اَلْقَلْفَةُ [el-ḵalfet] (تَمْرَةٌ [temret] vezninde) ve
اَلْمَقْلُوفَةُ [el-maḵlûfet] Baḩreyn diyârında bir gûne kavsara sepetlerine denir. Hurmâ ile memlû oldukları hâlde cemʹleri قُلْفٌ [ḵulf] gelir ki cinsîdir ve مَقْلُوفَاتٌ [maḵlûfât] gelir.
اَلْقُلْفَةُ [el-ḵulfet] (غُرْفَةٌ [ġurfet] vezninde ve fethateynle câ΄izdir) Zekerin sünnette kesilen artık derisine denir.
اَلْقِلْفَةُ [el-ḵilfet] (ḵâf’ın kesriyle) Bir cins yeşil nebâttır ki hurde hurde yemişleri olur, deve kısmı ona be-gâyet harîs olur.

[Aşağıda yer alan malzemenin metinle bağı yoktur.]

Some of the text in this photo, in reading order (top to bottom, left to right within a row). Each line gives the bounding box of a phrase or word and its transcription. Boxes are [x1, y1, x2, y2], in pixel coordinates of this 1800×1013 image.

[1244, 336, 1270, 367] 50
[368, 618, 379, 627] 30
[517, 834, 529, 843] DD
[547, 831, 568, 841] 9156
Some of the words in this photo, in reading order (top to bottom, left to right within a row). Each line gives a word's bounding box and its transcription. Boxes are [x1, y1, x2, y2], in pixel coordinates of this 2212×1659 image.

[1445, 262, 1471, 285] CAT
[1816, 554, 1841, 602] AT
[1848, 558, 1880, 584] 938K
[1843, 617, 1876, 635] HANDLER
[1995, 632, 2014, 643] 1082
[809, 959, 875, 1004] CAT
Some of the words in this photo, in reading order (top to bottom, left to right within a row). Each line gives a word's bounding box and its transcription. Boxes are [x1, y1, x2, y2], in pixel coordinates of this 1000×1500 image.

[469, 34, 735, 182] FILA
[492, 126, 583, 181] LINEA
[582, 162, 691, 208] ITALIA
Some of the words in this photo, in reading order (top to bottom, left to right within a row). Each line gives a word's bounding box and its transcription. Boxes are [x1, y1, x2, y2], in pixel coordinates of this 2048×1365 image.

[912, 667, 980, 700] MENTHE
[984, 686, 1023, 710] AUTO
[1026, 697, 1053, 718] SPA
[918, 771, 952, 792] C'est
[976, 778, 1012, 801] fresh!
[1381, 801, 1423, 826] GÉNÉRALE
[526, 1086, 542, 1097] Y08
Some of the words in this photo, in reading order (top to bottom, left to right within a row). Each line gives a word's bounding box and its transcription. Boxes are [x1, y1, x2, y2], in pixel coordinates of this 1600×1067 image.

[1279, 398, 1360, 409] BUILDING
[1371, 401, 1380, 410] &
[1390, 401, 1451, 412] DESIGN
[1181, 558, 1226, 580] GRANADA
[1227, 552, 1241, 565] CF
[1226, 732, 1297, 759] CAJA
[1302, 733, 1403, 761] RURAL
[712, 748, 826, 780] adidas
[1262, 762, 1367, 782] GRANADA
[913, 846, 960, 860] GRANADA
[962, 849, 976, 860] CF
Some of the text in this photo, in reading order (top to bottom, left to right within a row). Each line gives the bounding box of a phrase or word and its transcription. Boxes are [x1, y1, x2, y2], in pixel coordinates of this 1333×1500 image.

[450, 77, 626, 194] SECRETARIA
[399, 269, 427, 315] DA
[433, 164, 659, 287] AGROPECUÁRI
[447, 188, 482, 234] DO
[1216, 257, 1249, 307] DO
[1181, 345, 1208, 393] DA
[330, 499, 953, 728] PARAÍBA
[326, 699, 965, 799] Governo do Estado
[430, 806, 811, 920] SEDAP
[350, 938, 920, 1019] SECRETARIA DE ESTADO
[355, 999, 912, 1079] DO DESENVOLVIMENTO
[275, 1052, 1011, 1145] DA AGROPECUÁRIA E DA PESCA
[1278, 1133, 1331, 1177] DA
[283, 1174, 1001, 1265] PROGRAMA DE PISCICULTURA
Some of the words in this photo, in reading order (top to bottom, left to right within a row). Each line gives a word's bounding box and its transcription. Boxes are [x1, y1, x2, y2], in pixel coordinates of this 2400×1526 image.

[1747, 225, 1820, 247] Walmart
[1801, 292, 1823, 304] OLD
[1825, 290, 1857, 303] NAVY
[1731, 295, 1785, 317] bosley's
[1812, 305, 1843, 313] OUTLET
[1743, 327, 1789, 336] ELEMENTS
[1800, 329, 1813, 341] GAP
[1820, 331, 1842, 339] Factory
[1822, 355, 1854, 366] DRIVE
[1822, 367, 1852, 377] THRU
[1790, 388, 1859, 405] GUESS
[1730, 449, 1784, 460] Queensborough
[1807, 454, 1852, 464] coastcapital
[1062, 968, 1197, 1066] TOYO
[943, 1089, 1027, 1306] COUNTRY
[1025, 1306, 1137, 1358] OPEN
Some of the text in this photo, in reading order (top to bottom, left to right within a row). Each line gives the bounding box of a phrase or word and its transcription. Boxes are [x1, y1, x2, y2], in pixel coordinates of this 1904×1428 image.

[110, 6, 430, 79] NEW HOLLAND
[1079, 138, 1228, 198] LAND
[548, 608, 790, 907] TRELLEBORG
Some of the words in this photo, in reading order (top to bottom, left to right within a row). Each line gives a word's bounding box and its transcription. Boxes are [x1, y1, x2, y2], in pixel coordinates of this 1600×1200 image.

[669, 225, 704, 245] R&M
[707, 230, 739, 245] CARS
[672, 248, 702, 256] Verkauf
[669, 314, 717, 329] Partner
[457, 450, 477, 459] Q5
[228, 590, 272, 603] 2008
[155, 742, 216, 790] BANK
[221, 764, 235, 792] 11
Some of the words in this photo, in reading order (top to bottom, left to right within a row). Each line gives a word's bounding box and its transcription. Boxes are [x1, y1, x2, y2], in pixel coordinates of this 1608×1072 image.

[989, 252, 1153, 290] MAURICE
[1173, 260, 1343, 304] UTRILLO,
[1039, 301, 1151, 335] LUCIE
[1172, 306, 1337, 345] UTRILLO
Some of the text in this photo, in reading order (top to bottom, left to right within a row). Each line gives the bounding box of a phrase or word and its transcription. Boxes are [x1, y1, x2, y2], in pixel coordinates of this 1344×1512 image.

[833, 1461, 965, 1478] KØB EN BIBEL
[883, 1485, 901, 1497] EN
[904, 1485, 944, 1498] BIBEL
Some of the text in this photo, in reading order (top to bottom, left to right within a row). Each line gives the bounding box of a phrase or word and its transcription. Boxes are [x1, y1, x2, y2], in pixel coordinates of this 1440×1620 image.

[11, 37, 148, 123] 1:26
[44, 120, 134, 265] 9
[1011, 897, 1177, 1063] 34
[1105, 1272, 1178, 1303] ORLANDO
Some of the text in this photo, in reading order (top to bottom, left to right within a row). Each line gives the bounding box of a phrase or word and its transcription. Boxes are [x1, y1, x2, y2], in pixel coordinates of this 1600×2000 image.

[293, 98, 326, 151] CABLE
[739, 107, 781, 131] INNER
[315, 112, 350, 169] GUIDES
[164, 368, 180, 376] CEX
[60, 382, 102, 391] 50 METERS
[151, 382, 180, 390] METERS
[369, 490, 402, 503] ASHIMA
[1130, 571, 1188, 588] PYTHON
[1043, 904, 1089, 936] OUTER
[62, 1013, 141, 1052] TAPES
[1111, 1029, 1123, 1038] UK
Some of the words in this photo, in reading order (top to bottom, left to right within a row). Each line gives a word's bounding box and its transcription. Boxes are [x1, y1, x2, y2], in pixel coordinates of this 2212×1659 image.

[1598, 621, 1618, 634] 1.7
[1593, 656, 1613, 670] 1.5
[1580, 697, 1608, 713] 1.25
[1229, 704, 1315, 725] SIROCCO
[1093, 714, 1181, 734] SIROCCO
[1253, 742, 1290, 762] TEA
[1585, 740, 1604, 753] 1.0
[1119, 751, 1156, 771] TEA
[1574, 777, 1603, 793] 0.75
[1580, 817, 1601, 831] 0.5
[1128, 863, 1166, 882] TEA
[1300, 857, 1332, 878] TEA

Ve
قِلْفَةٌ [ḵilfet] Dibinden kopmuş tırnağa denir.
اَلْقَلَفَةُ [el-ḵalefet] (fethateynle) Sünnet olunacak yer, قَطَعَةٌ [ḵaṯaʹat] gibi katʹ olunacak mahal maʹnâsına.
اَلْقُلْفَةُ [el-ḵulfet] (ḵâf’ın zammı ve lâm’ın sükûnuyla) Şol deridir ki sünnet hâlinde onu keserler.